Keira hanya menatap kosong ke arah makanannya, tidak tahu harus menjawab apa. Di kepalanya, dia ingin berbicara, tapi lidahnya seolah terikat.

"Kamu ngga sendiri loh, Kei. Apa pun masalahnya, kamu bisa cerita ke aku," Cindy mencoba lagi, berharap Keira mau terbuka.

Namun Keira hanya bisa menggeleng pelan, tidak mampu mengucapkan satu kata pun.
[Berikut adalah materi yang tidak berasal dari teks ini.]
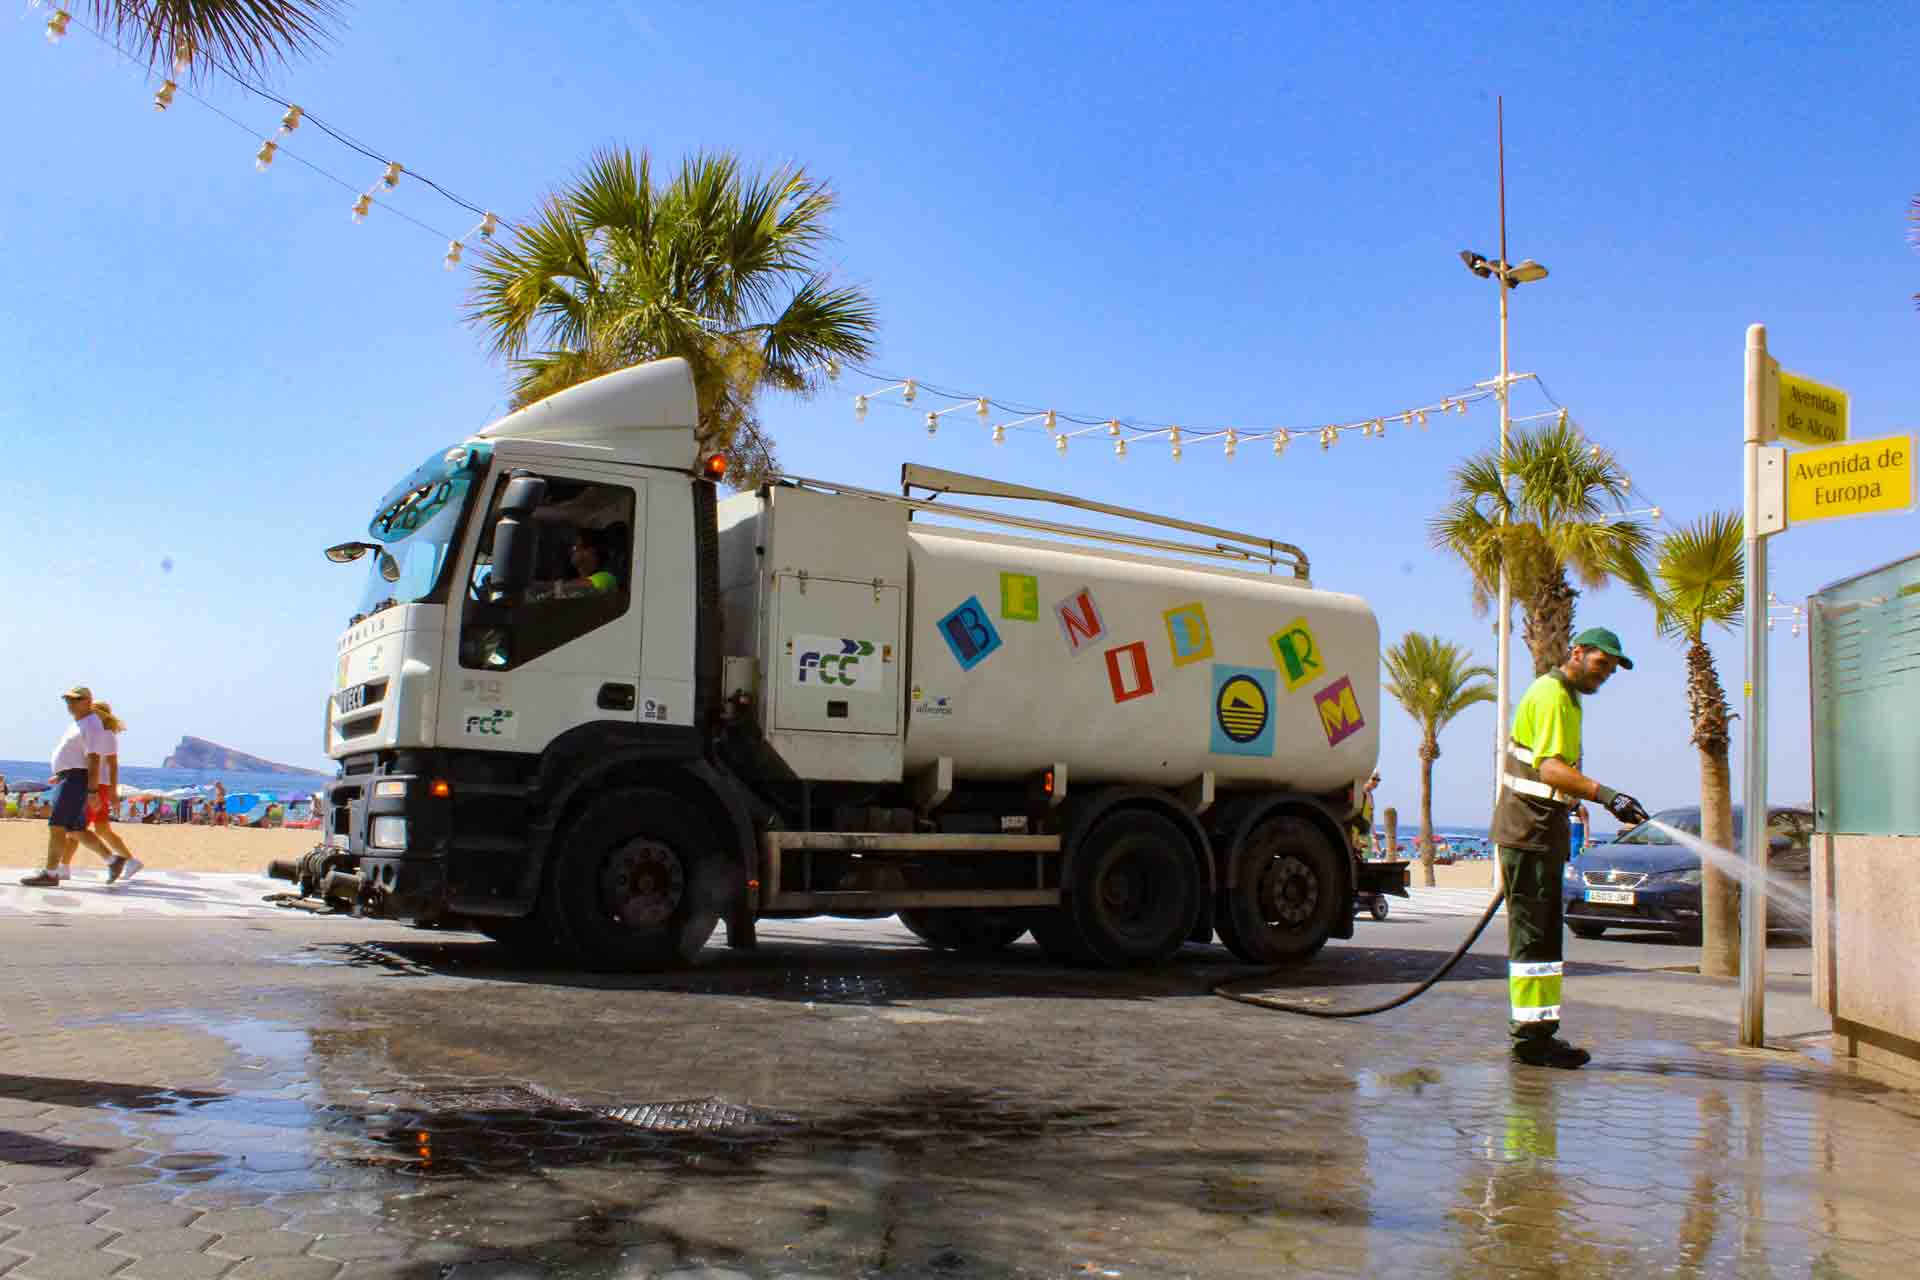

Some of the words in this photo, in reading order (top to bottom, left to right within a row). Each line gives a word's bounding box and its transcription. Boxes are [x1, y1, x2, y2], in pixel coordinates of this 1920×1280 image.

[1791, 385, 1837, 416] Avenida
[1786, 410, 1803, 431] de
[1796, 454, 1871, 480] Avenida
[1877, 447, 1903, 469] de
[1815, 481, 1882, 506] Europa
[799, 652, 860, 686] FCC
[466, 716, 504, 735] FCC
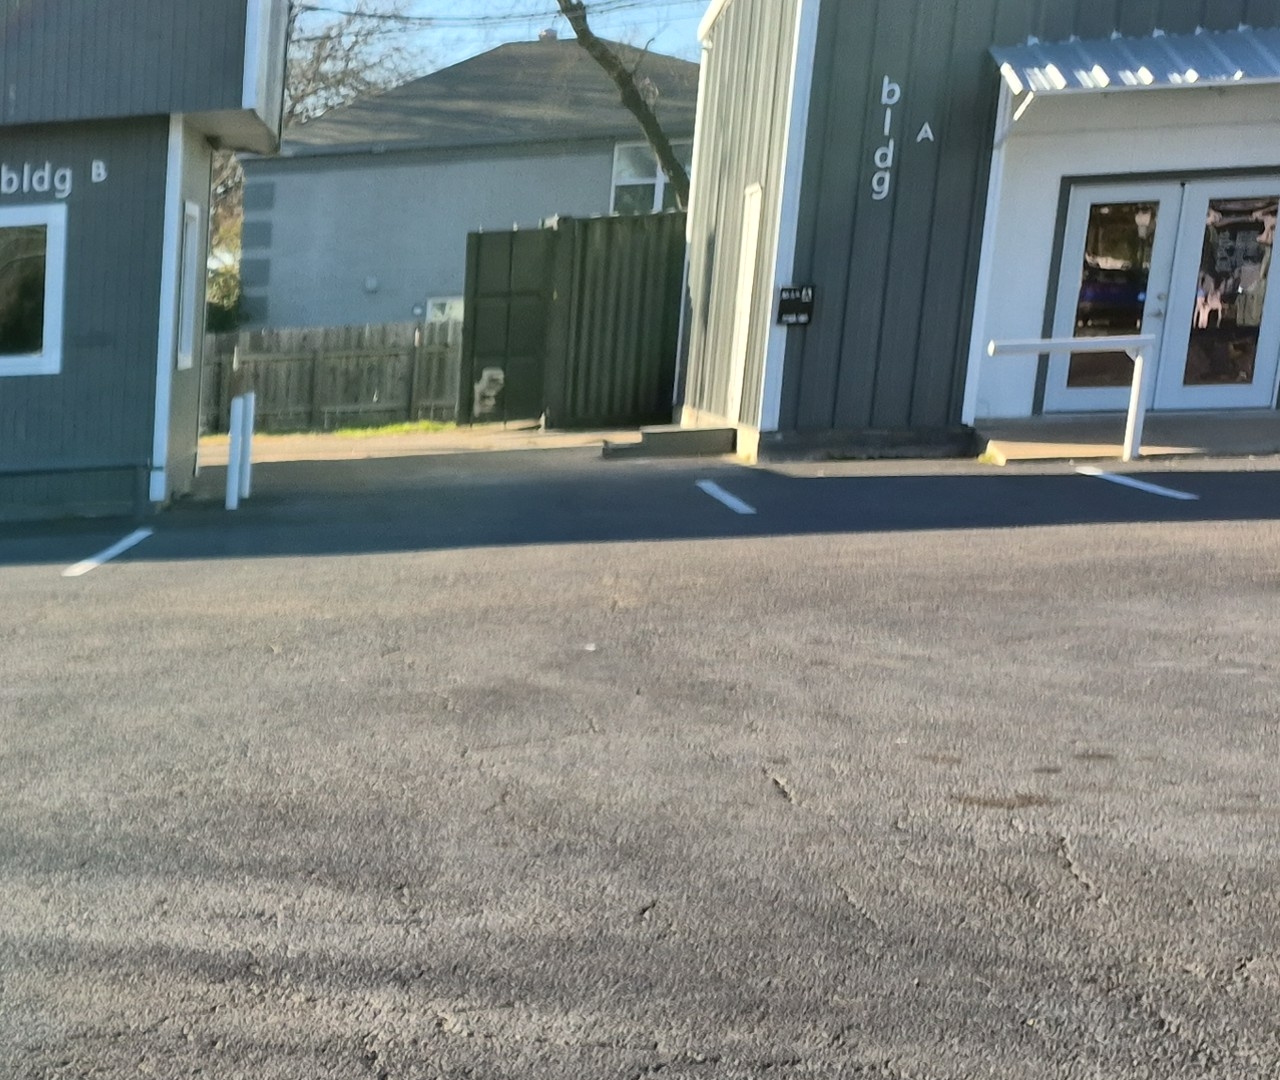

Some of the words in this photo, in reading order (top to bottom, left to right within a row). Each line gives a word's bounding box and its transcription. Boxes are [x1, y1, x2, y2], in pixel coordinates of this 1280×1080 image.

[871, 74, 901, 200] bldg
[916, 121, 935, 143] A
[0, 160, 73, 199] bldg
[91, 159, 108, 183] B
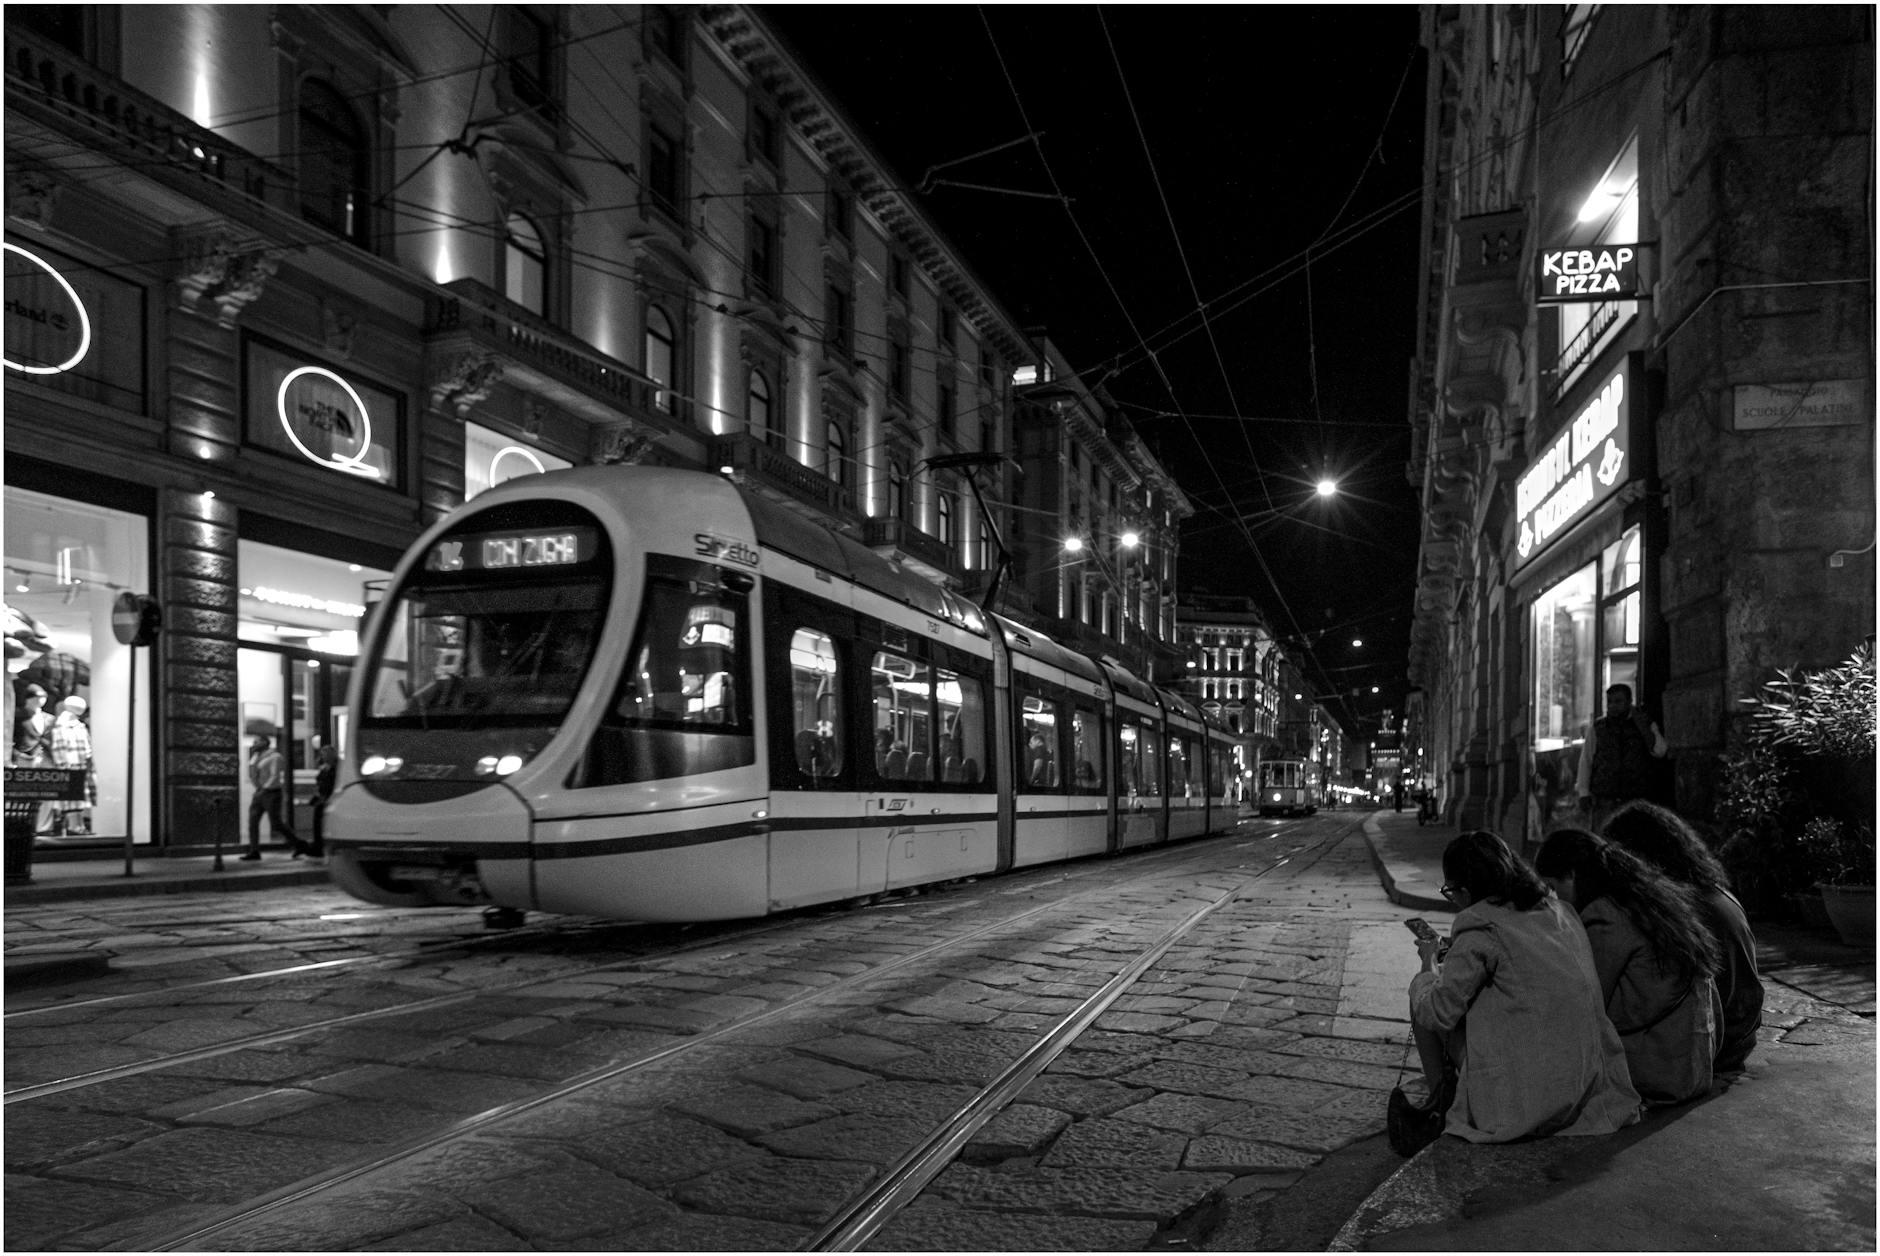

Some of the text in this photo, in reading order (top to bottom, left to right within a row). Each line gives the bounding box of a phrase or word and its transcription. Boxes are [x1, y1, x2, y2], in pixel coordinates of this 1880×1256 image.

"Oke... tapi kalau kamu siap cerita, aku selalu ada di sini ya," Cindy mencoba mengakhiri percakapan itu dengan nada lembut. Keira hanya tersenyum tipis, tapi hatinya masih penuh dengan luka yang belum sembuh.

Keira tahu bahwa dia tidak bisa selamanya seperti ini. Dia perlu mencari cara untuk menghadapi trauma ini, tapi dia juga tidak tahu dari mana harus memulainya. Hari hari berlalu, dan meskipun orang orang di sekitarnya mulai menyadari perubahannya, Keira tetap merasa sendirian dalam penderitaannya.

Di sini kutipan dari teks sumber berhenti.